We few, we happy few, we band of brothers
For he today that sheds his blood with me
Shall be my brother.

They are wonderful rousing orations; but for the director who is disinclined to turn Henry into a hero figure there are negative aspects that can be played up, and the Auckland production not only looked for these, but seemed to add to them. When Henry condemns the traitor- earls to death, which happens in the play as Shakespeare wrote it, the gruesome details of the process of hanging, drawing and quartering were spelled out (and even added to), which is not to be found in the text. When Henry says English soldiers who offend needlessly against French citizens will be hanged we see one hanged – which again is not in the text. And when Henry’s forces are beset by a resurgence of the French and he orders the killing of prisoners, as happens in the play as written, his men react with shock and the order has to be repeated – again without the authority of Shakespeare’s text. Nor is there anywhere in any version of the play I have seen the sad (and rather beautiful) dirge about the evils of war which the cast sang twice in the course of the play.

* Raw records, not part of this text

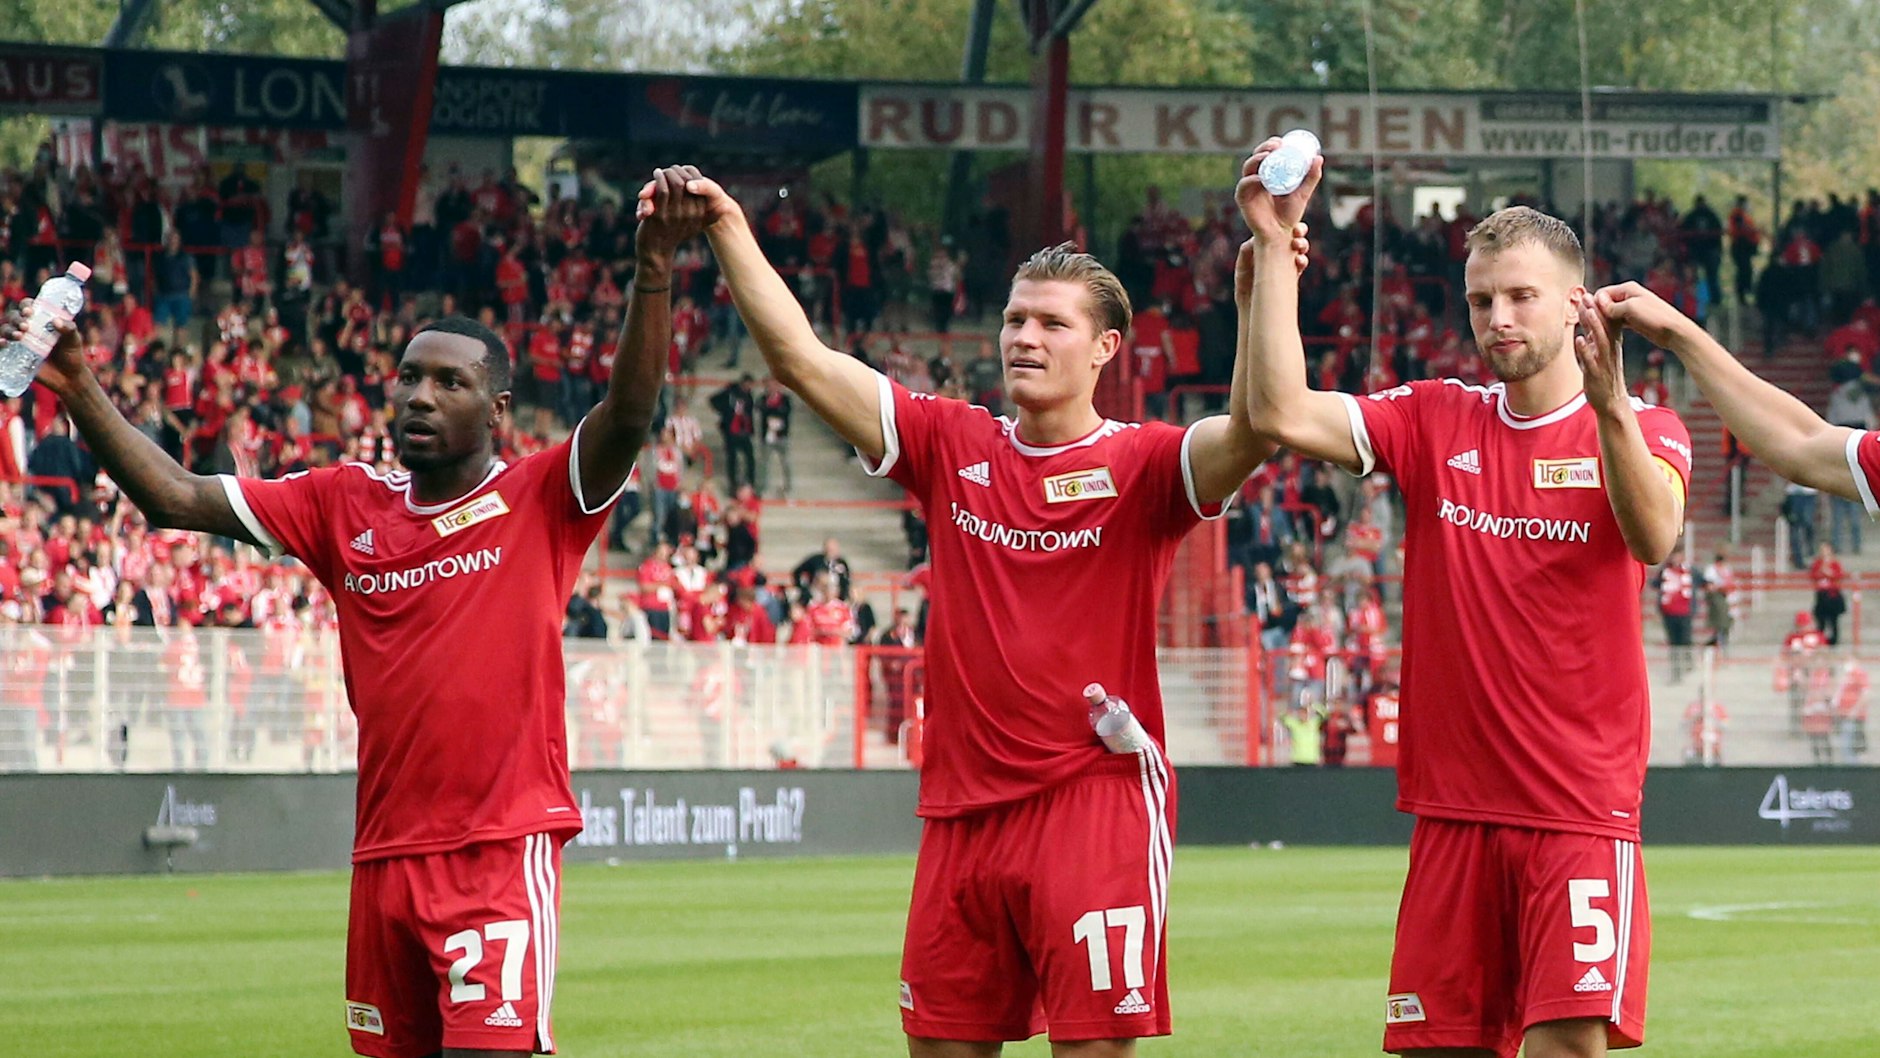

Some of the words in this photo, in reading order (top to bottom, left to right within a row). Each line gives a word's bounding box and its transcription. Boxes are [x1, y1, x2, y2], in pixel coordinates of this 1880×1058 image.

[867, 97, 1121, 147] RUDR
[1155, 96, 1465, 152] KÜCHEN
[1480, 124, 1766, 152] www.m-ruder.de
[951, 501, 1102, 551] ROUNDTOWN
[1437, 496, 1591, 543] ROUNDTOWN
[344, 546, 501, 595] AOUNDTOWN
[619, 787, 688, 845] Talent
[691, 805, 736, 844] zum
[739, 786, 806, 843] Profi?
[1568, 878, 1616, 963] 5
[444, 919, 530, 1004] 27
[1072, 905, 1147, 991] 17
[1114, 1003, 1151, 1014] adidas
[1574, 981, 1612, 992] adidas
[484, 1016, 523, 1027] adidas
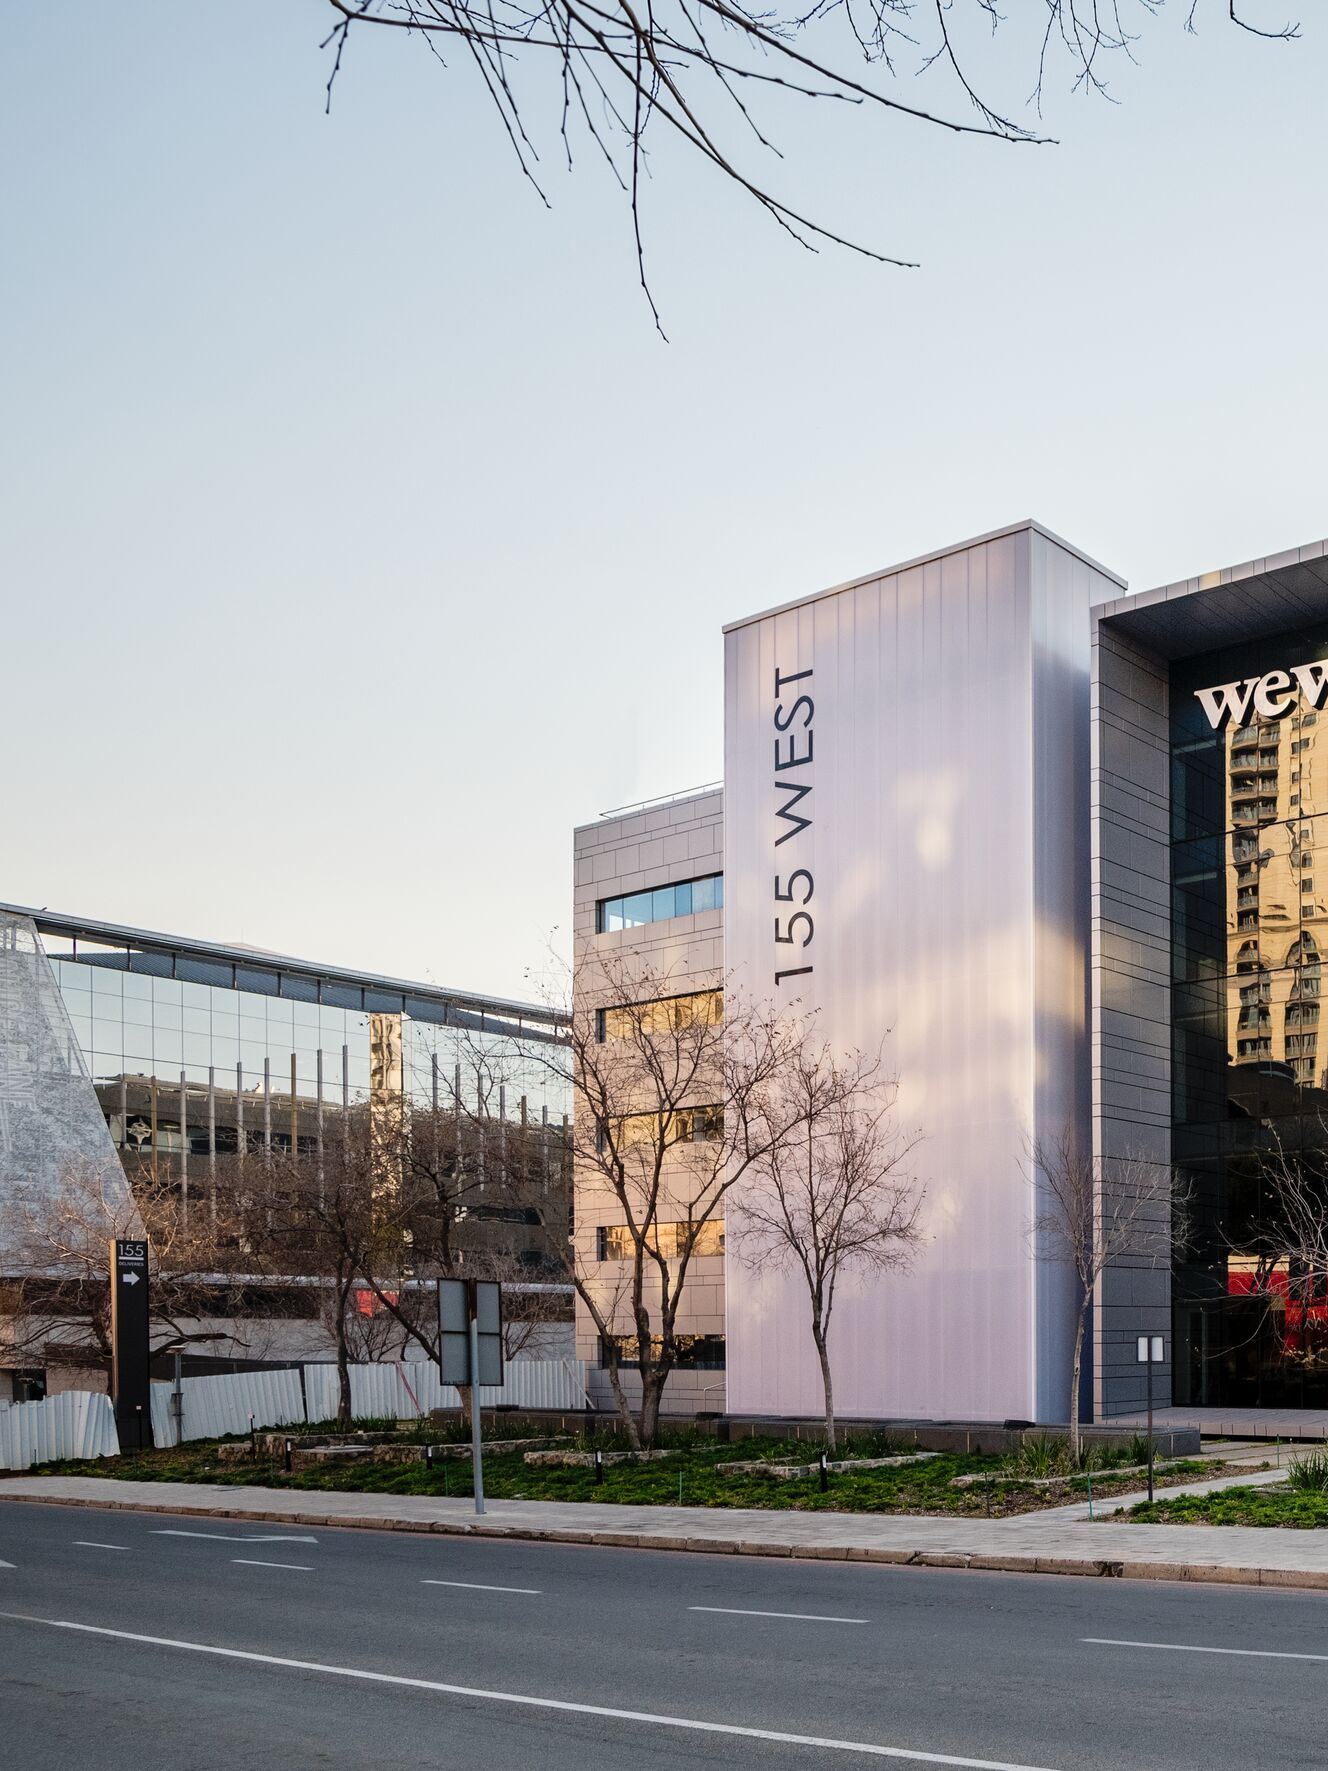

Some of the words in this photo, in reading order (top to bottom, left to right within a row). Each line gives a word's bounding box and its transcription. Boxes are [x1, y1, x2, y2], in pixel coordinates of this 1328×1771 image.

[774, 667, 814, 847] WEST
[774, 868, 814, 986] 155
[119, 1244, 144, 1256] 155
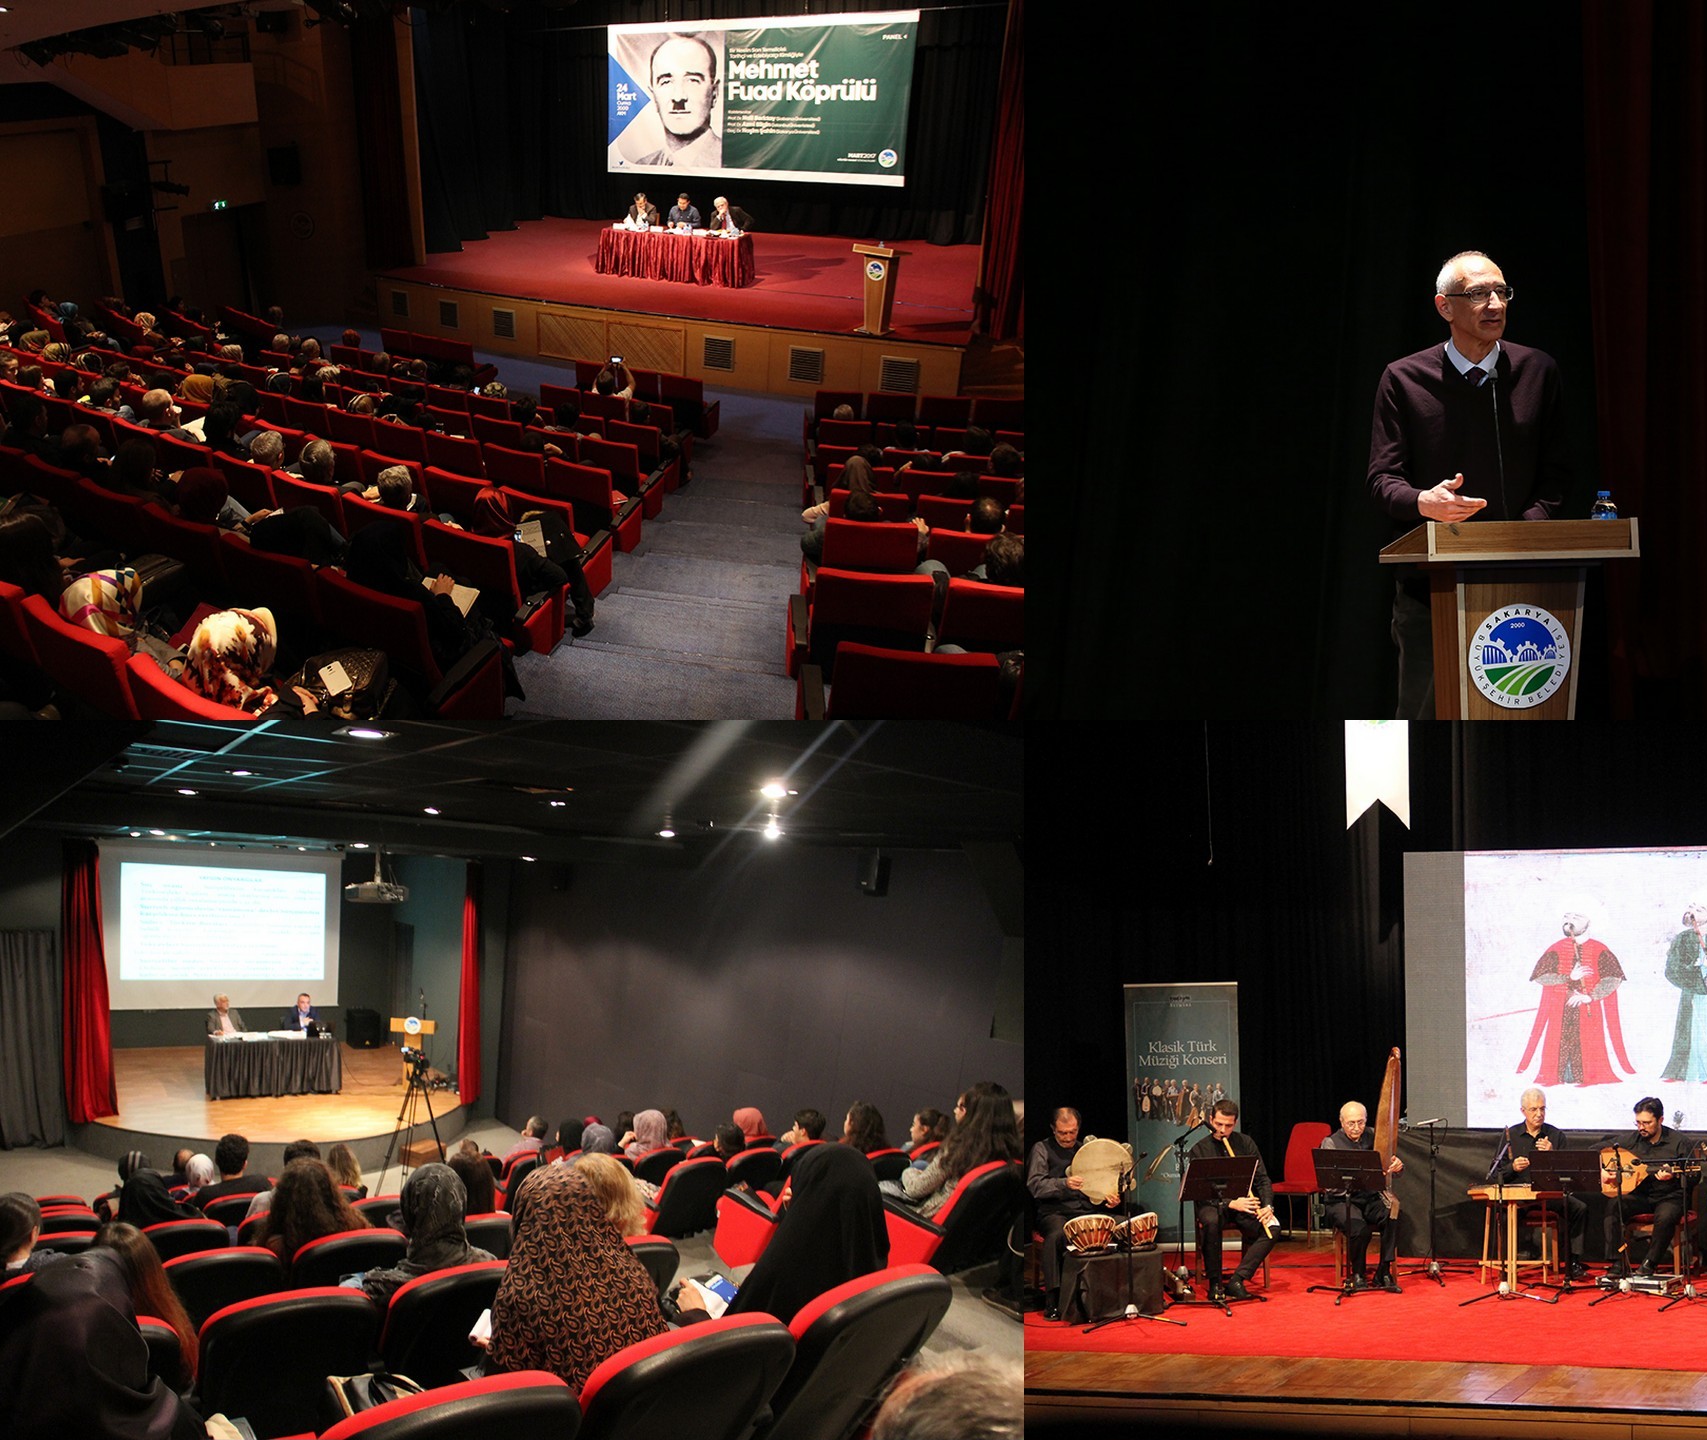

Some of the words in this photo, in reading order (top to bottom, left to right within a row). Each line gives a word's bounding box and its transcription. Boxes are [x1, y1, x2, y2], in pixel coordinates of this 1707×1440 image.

All this is worthy anti-war stuff, but it bends the play away from the original. It was still well done, a rousing performance, and did not have the spoiling effect last year’s Pop-up Globe production had on the lyricism of Twelfth Night; but it shows again a willingness of current producers and directors to put themselves above the playwright and play fast and loose with his text.


Their Finest, currently showing, is a slightly clunky but ingratiating sunshine-through-tears movie about the making of a sunshine-through-tears World War II propaganda movie about Dunkirk, and is worth seeing for Bill Nighy as the vain and temperamental actor won over by flattery (he sings a Scots ballad rather nicely along the way), and for the Jeremy Irons cameo as Secretary for War Anthony Eden reducing himself to tears with a recital of the ‘We few, we happy few’ speech. The Producer was New Zealander Finola Dwyer whose last success was Brooklyn which won a Bafta Award and three Oscar nominations.